Sunday, April 12, 2009

Short Story: A Private Experience by Chimamanda Ngozi Adichie

"Chika climbs in through the store window first and then holds the shutter as the woman climbs in after her. The store looks as if it was deserted long before the riots started; the empty rows of wooden shelves are covered in yellow dust, as are the metal containers stacked in a corner. The store is small, smaller than Chika's walk-in closet back home."

Chika and her sister Nnedi had been in the market buying oranges and groundnuts when the riot started.

"It had all started at the motor park, when a man drove over a copy of the Holy Koran that had been dropped on the roadside, a man who happened to be Igbo and Christian. The men nearby, men who sat around all day playing draughts, men who happened to be Muslim, pulled him out of his pickup truck, cut his head off with one flash of a machete, and carried it to the market, asking others to join in; the infidel had desecrated the Holy Book."
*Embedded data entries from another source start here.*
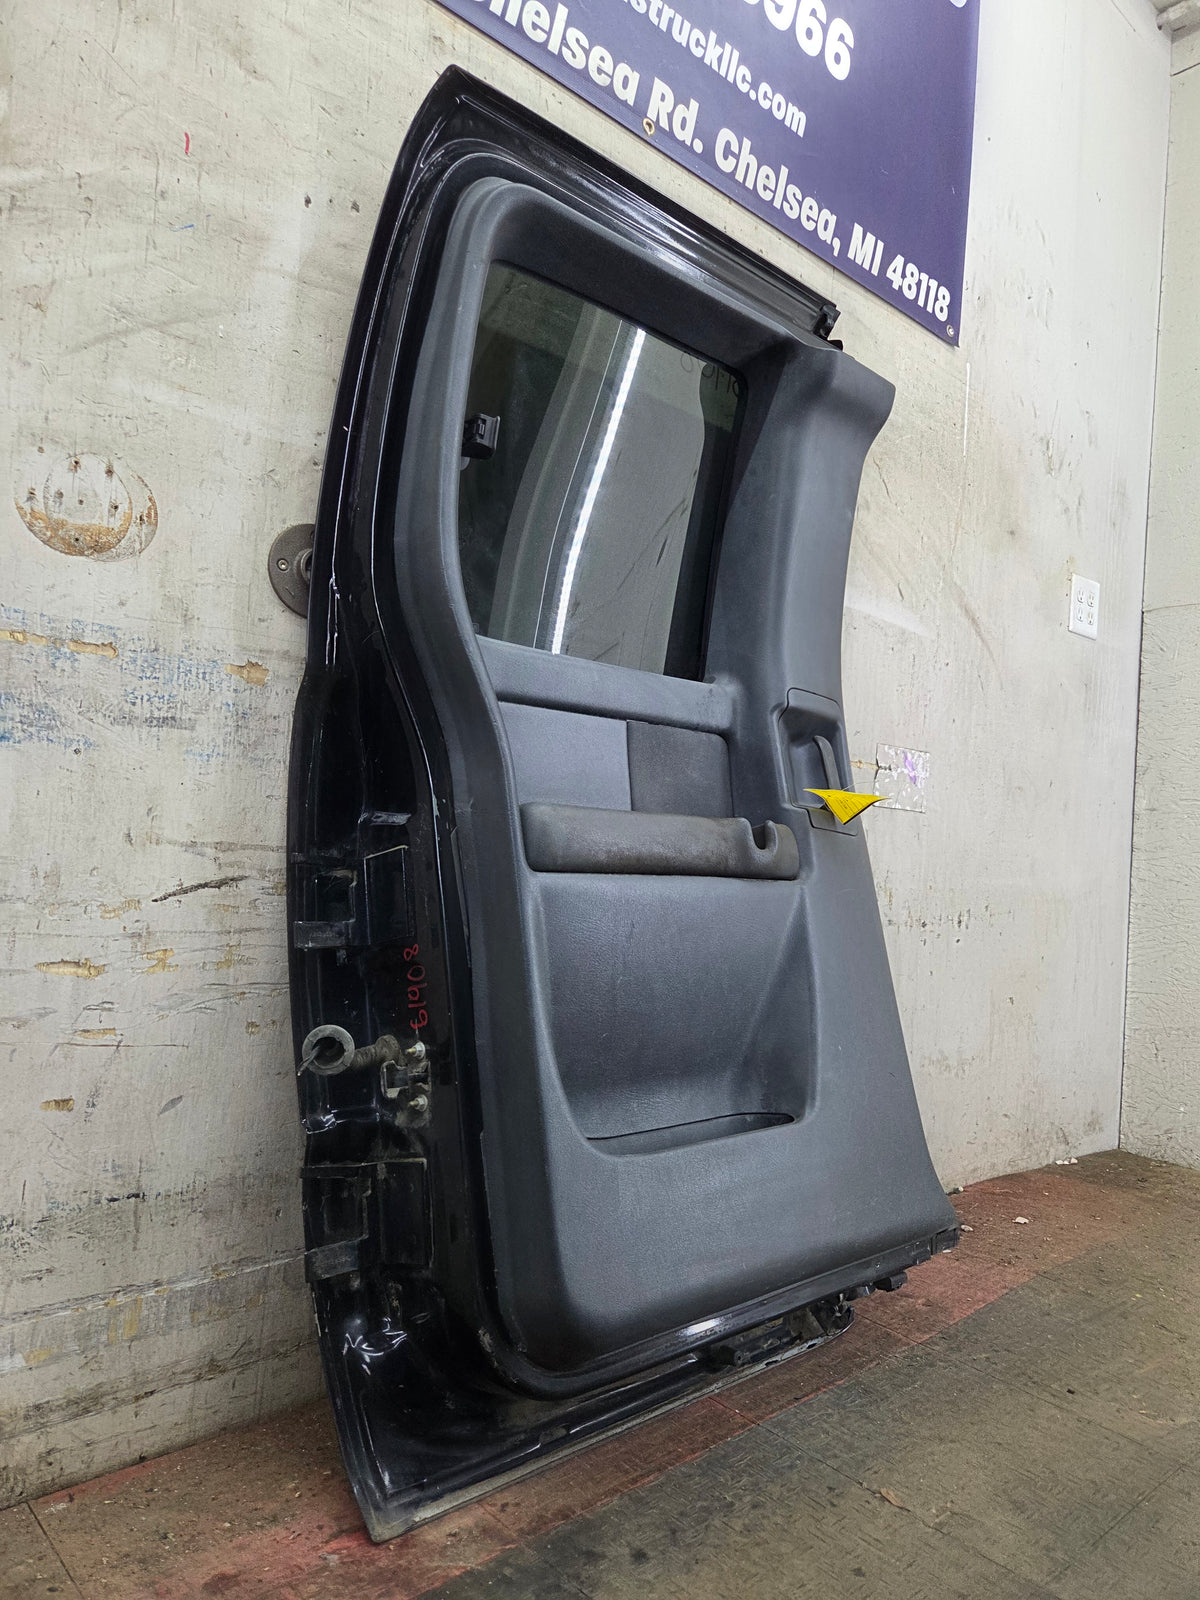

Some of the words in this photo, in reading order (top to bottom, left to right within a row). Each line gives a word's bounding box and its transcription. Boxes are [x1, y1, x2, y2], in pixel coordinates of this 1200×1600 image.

[743, 0, 855, 81] 966
[646, 76, 703, 154] Rd.
[714, 127, 840, 257] Chelsea,
[847, 222, 885, 277] MI
[885, 254, 951, 322] 48118
[403, 943, 429, 1030] 61908
Inside that store, Chika and the woman are an unlikely pair. The Woman belongs to the working class and Chika to the higher strata. The woman is Hausa Muslim and Chika is Igbo Christian. Initially Chika disparages that woman but slowly she changes as she finds that the woman is ready to share whatever little she has. Like her scarf, the threadbare one, probably the only one she owns, to tie a wound on Chika's leg. Chika too is grateful for that. In her grief of being separated from her sister, she shares the grief of the woman too, whose daughter too is lost in the riots.
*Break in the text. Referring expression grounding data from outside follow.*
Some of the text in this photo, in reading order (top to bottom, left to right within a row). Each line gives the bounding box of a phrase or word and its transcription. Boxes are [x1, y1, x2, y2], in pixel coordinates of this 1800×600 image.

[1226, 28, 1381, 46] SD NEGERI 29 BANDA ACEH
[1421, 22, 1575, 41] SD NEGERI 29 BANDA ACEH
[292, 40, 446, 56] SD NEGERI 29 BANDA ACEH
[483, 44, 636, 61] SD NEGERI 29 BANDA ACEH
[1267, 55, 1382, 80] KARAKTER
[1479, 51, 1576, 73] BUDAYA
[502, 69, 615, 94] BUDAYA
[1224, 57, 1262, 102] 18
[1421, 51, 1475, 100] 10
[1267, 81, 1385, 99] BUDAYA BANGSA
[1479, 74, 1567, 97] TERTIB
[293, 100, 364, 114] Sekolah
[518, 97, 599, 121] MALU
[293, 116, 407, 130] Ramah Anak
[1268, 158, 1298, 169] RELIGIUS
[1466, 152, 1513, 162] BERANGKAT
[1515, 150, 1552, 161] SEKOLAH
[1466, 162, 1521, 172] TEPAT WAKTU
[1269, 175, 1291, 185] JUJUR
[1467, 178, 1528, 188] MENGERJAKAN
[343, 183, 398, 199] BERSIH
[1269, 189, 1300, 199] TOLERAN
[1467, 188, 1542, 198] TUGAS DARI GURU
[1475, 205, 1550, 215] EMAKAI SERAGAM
Ethnic riots separate communities, yes. But they also bring people closer. Those ones who belong to different stratas.

"Later, Chika will read in the Guardian that "the reactionary Hausa-speaking Muslims in the North have a history of violence against non-Muslims", and in the middle of her grief, she will stop to remember that she examined the nipples and experienced the gentleness of a woman who is Hausa and Muslim."

In todays volatile world, where riots are very common, this could have happened anywhere. Adichie does not disappoint. Do read this story online here.

1 comments:

Teddy Rose said...

I really enjoyed the story! Thanks so much for the link.